Coronavirus will speed up shift to online learning. It could be a good thing
School systems’ decision to suspend classes and teach students online because of the coronavirus pandemic will accelerate the e-learning revolution around the world, which was already under way. Education as we know it will change for good — and that may not be a bad thing.
Granted, in the short run, the coronavirus crisis will negatively affect hundreds of millions of students around the world.
In the United States alone, more than 5 million K-12 students already have been asked to remain home and study online, and the numbers are expected to grow. Worldwide, school closings already have affected almost 300 million youngsters, according to United Nations estimates.
This is causing huge problems, especially for poor children who rely on school lunches for much of their nutrition. Also, children from impoverished homes face more difficulties to adapt to online learning than more affluent classmates.
Many children from lowincome families don’t have access to high-speed internet, or even computers. Others don’t have internetsavvy parents who can guide them through remote-learning class instructions. And many teachers are not yet prepared to efficiently run their classes online.
But challenges like these will speed up technological solutions. With an unprecedented number of students going online, children, parents, teachers and elearning programmers will get a crash course in improving existing online learning platforms. And, in the United States and many other countries, this will help to greatly reduce inequality.
As I learned a few years ago while researching a book on education, traditional education — in which children go to school in the morning and study at home in the evening — has been a recipe for social inequality. The model, started by the King of Prussia in the 18th century, has condemned many children from lowincome families to drop out of school because they didn’t have an educated parent — much less a private tutor — to help them do their homework.
As a result, many children from poor families lag in school and drop out, headed, perhaps, to lifelong poverty.
In 2007, a number of U.S. schools started to address this problem by creating “flipped classrooms,” in which students started studying at home with their tablets in the morning and went to school in the afternoon to do their homework with the help of their teachers.
This new education model, one of several that fall under the general scope of “blended learning,” should be the future of education. It is probably the best way to help children from economically disadvantaged homes to stay in school, go on to college and climb up the social ladder.
Since then, e-learning platforms such as The
Khan Academy, a nonprofit group founded in 2008 that provides free online educational videos to millions worldwide, and new generations of teaching robots have dramatically improved remote learning.
In 2017, a small experimental robot named “Professor Einstein” — who looks like the Nobel Prizewinning physicist — started selling online. It is a combination of a toy and an Alexa-type virtual assistant that helps kids learn math, physics and geometry.

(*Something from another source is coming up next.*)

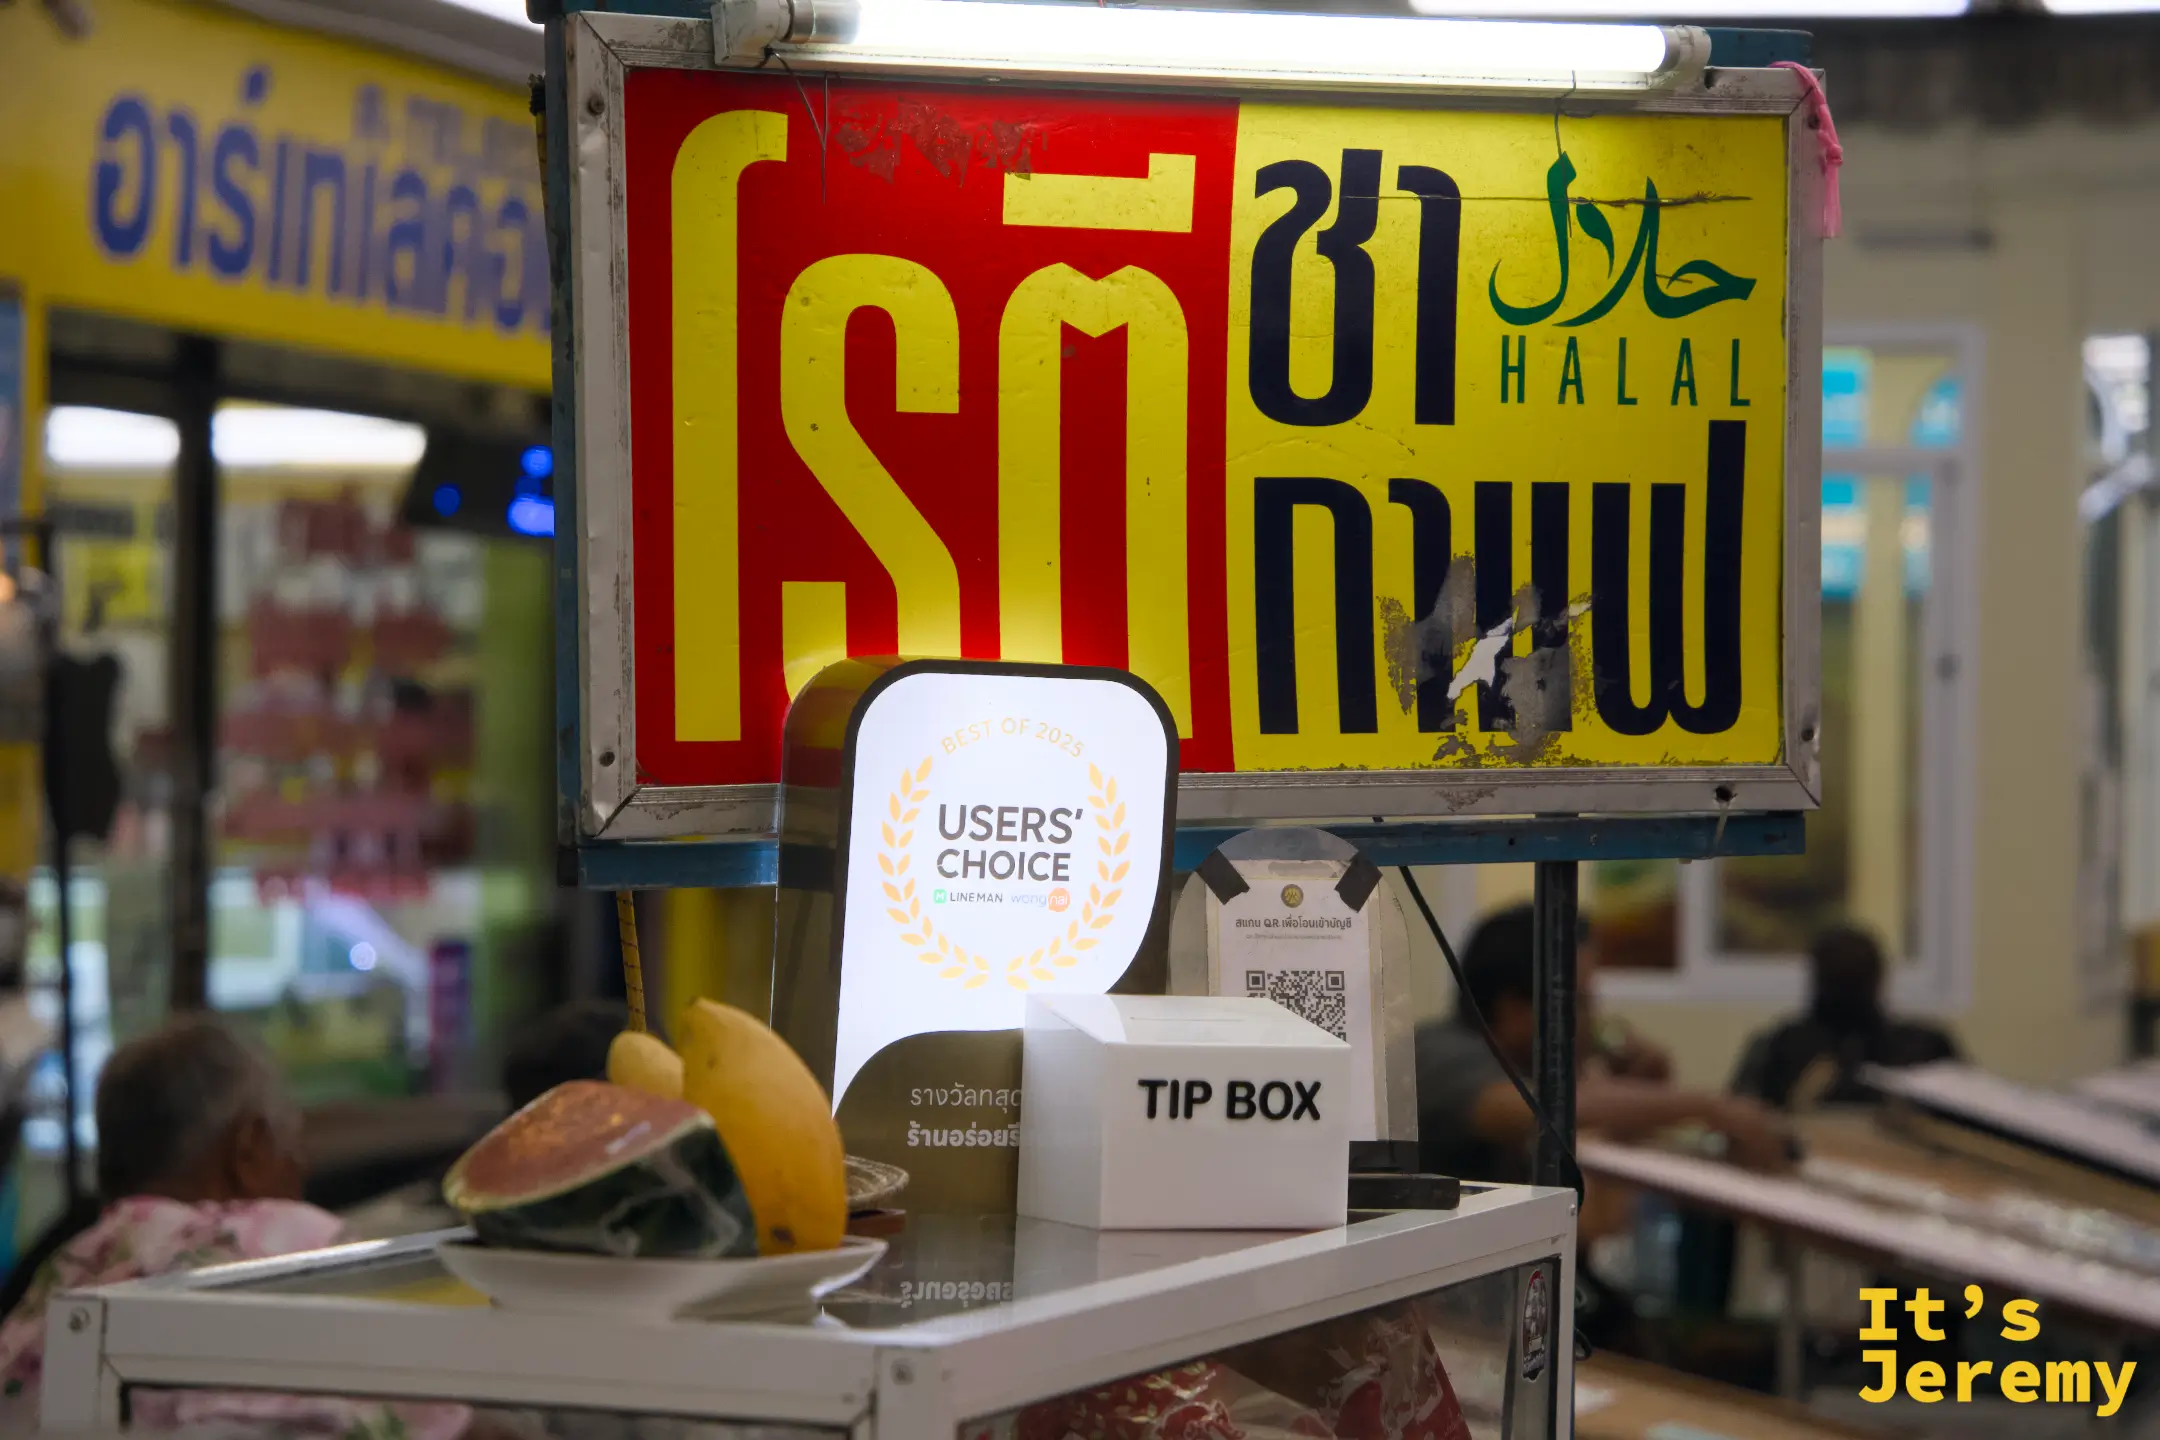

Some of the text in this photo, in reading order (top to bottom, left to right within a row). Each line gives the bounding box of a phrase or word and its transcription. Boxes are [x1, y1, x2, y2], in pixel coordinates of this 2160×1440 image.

Several other teaching robots have been produced since.
University courses such as those offered by Coursera, Udacity and edX have skyrocketed in recent years, and many reputable tertiary education institutions are now offering college and master’s degrees.

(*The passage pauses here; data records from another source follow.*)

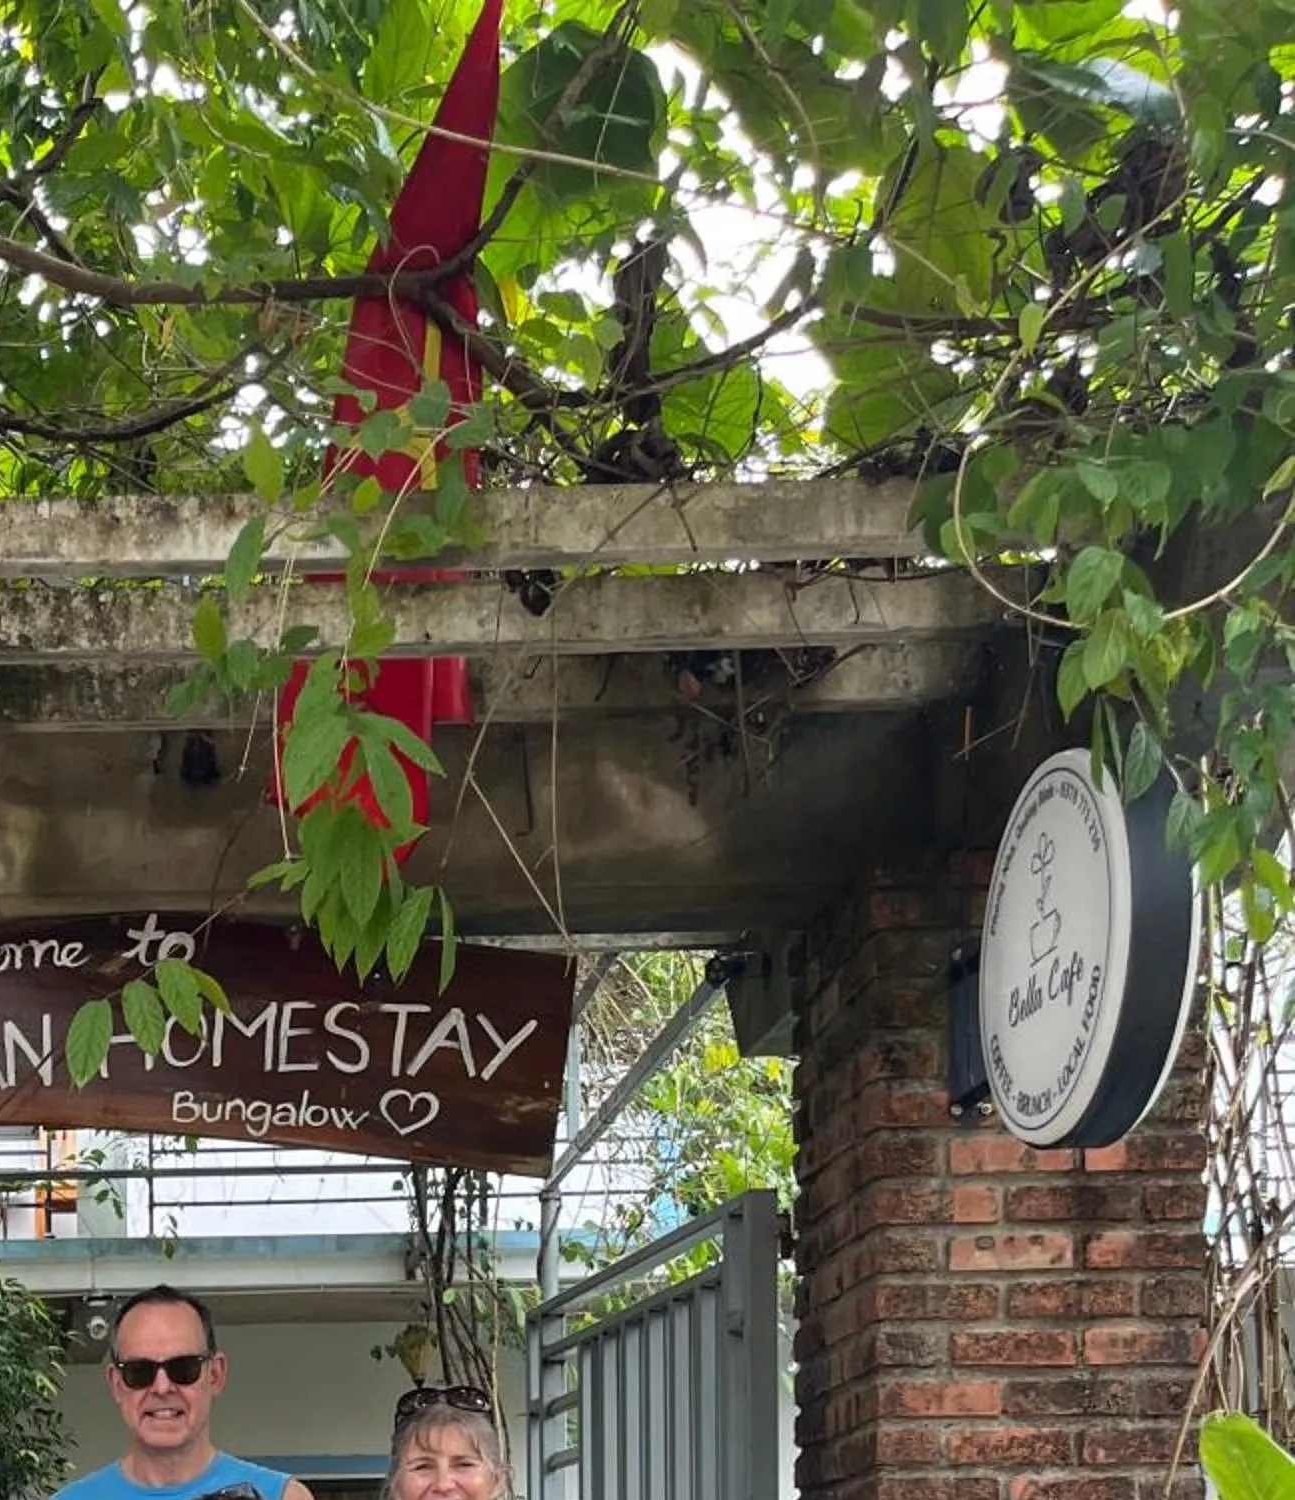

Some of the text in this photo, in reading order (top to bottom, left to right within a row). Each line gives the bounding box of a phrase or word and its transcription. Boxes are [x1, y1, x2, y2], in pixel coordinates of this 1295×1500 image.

[120, 912, 195, 967] to
[1008, 972, 1043, 1028] Bella
[1057, 1035, 1086, 1096] LOCAL
[1081, 963, 1101, 1033] FOOD
[171, 1090, 370, 1137] Bungalow

When I asked MIT President Rafael Reif in a 2016 interview how he envisions brick-and-mortar universities and e-learning in the future, he told me, “I think it’s going to be a 50-50 mix.”
But I wouldn’t be surprised if, after the coronavirus pandemic, most tertiary education goes online.
Something similar will happen with tele-medicine, e-commerce and many other activities. The coronavirus crisis will accelerate the ongoing digital revolution. It’s too early to tell whether the outcome across the board will be a positive one, but when it comes to education, the expansion of “flipped classrooms” may help reduce inequality.
It may be one of the few welcome results of the coronavirus nightmare.